● WHAT THIS TASK INVOLVES
The records below are to be returned exactly as written, minus their pictures.

[Collected data]

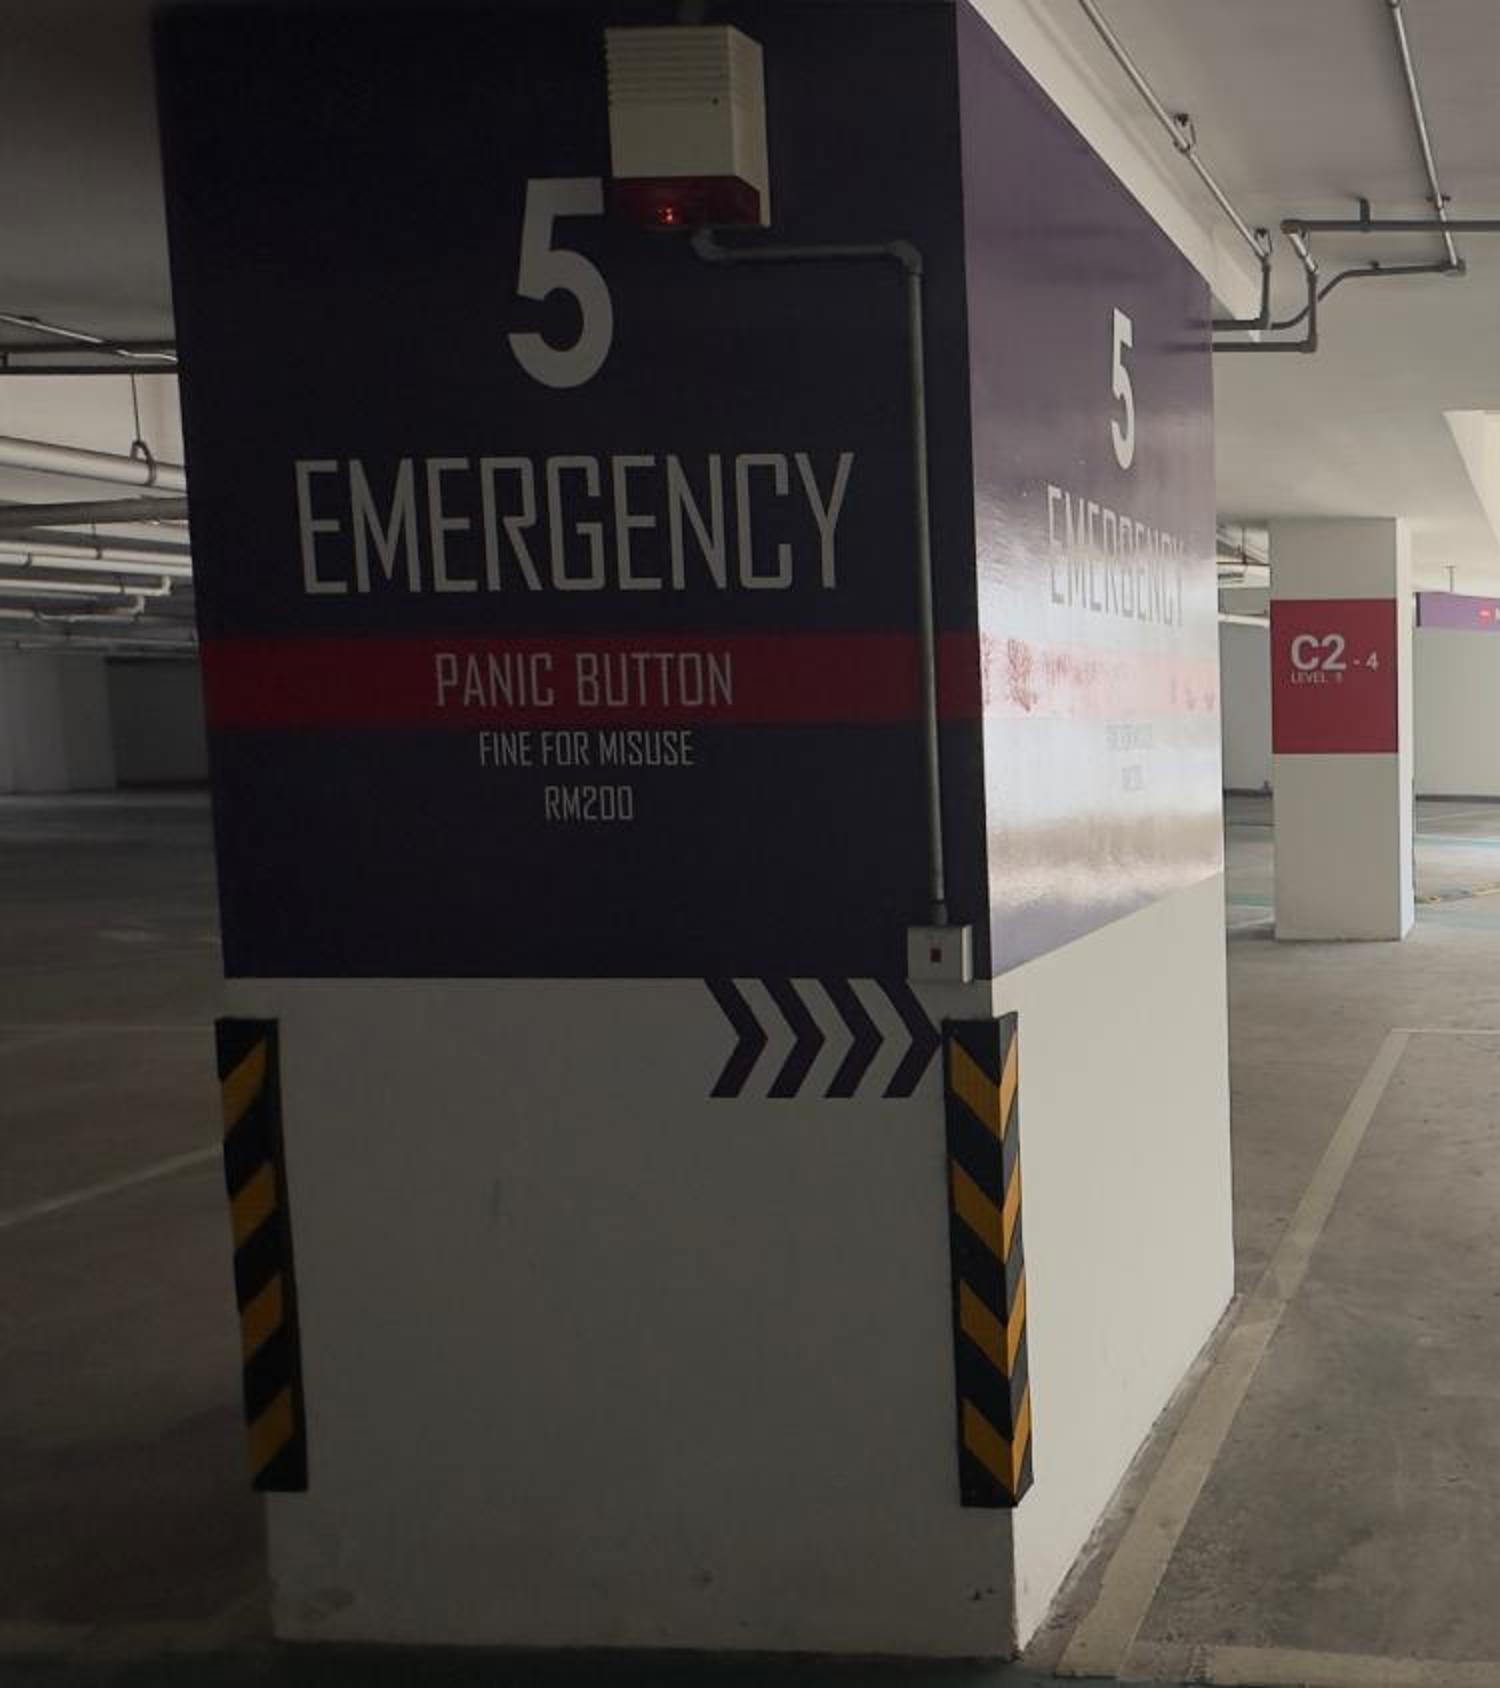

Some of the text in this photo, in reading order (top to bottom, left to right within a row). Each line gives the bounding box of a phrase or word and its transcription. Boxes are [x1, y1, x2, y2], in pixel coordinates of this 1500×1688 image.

[508, 177, 614, 389] 5
[1111, 306, 1135, 470] 5
[294, 452, 855, 595] EMERGENCY
[1290, 633, 1347, 671] C2
[435, 651, 734, 707] PANIC BUTTON
[1291, 671, 1328, 684] LEVEL
[480, 731, 695, 768] FINE FOR MISUSE
[544, 785, 634, 821] RM200
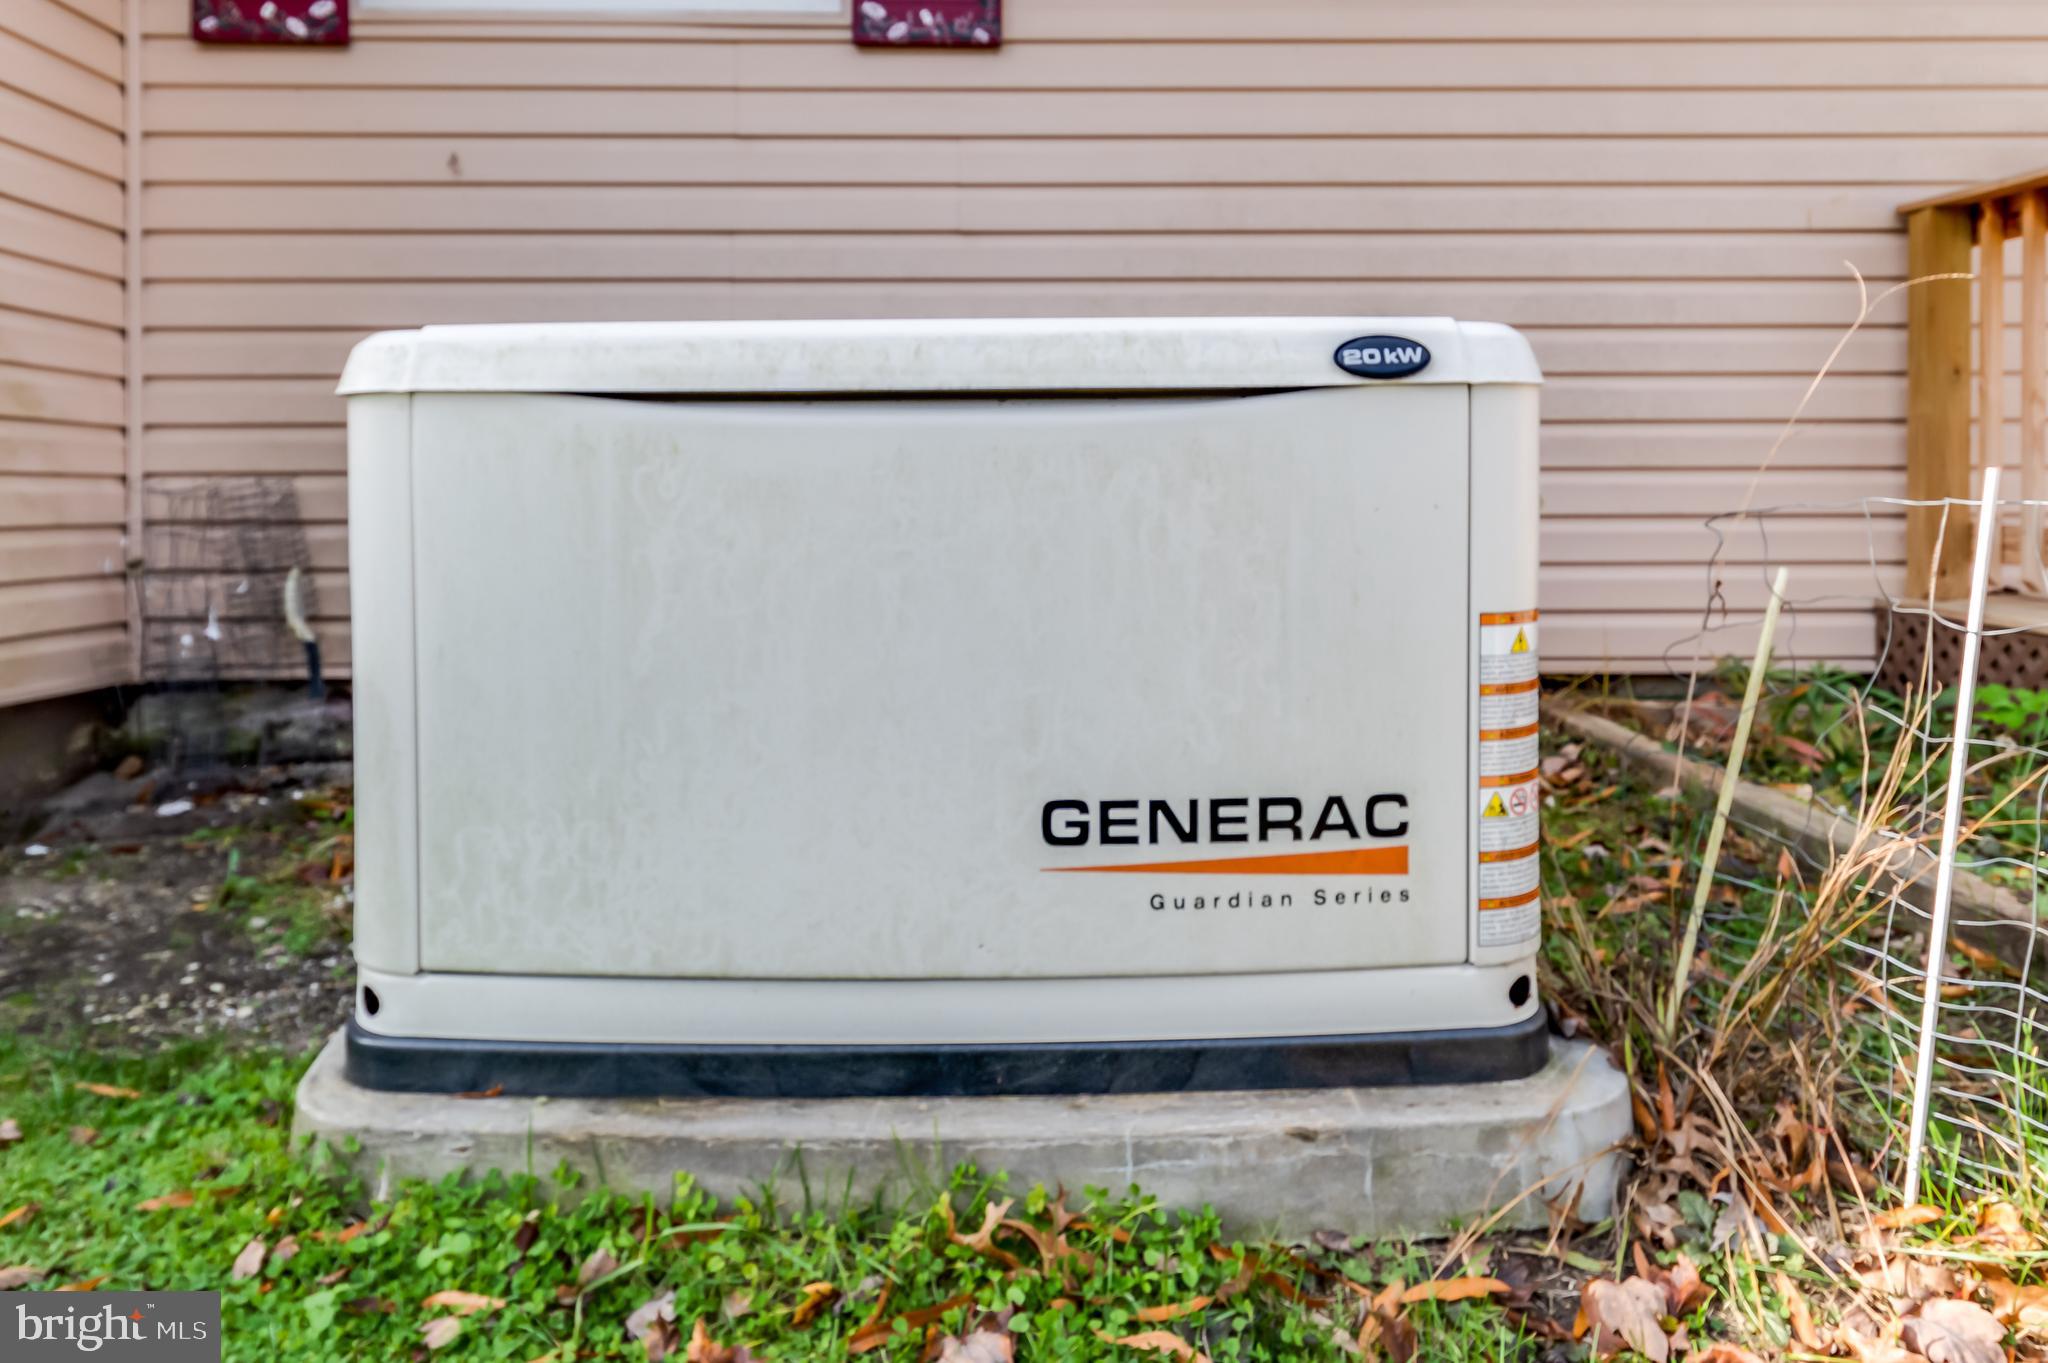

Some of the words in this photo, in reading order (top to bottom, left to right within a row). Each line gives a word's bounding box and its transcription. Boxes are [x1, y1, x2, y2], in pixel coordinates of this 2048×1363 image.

[1041, 793, 1409, 846] GENERAC
[1149, 892, 1293, 910] Guardian
[1313, 887, 1410, 906] Series

● EXERCISE RESPONSE
Some of the text in this photo, in reading order (top to bottom, left to right within a row). Each line gives the bounding box of a phrase or word and its transcription. Boxes are [x1, y1, x2, y2], in pixel coordinates of this 1500×1688 image.

[508, 177, 614, 389] 5
[1111, 306, 1135, 470] 5
[294, 452, 855, 595] EMERGENCY
[1290, 633, 1347, 671] C2
[435, 651, 734, 707] PANIC BUTTON
[1291, 671, 1328, 684] LEVEL
[480, 731, 695, 768] FINE FOR MISUSE
[544, 785, 634, 821] RM200

Some of the words in this photo, in reading order (top to bottom, left to right within a row). Each line gives a word's bounding box and its transcription. Boxes are [x1, y1, x2, y2], in pixel coordinates of this 2048×1363 image.

[1041, 793, 1409, 846] GENERAC
[1149, 892, 1293, 910] Guardian
[1313, 887, 1410, 906] Series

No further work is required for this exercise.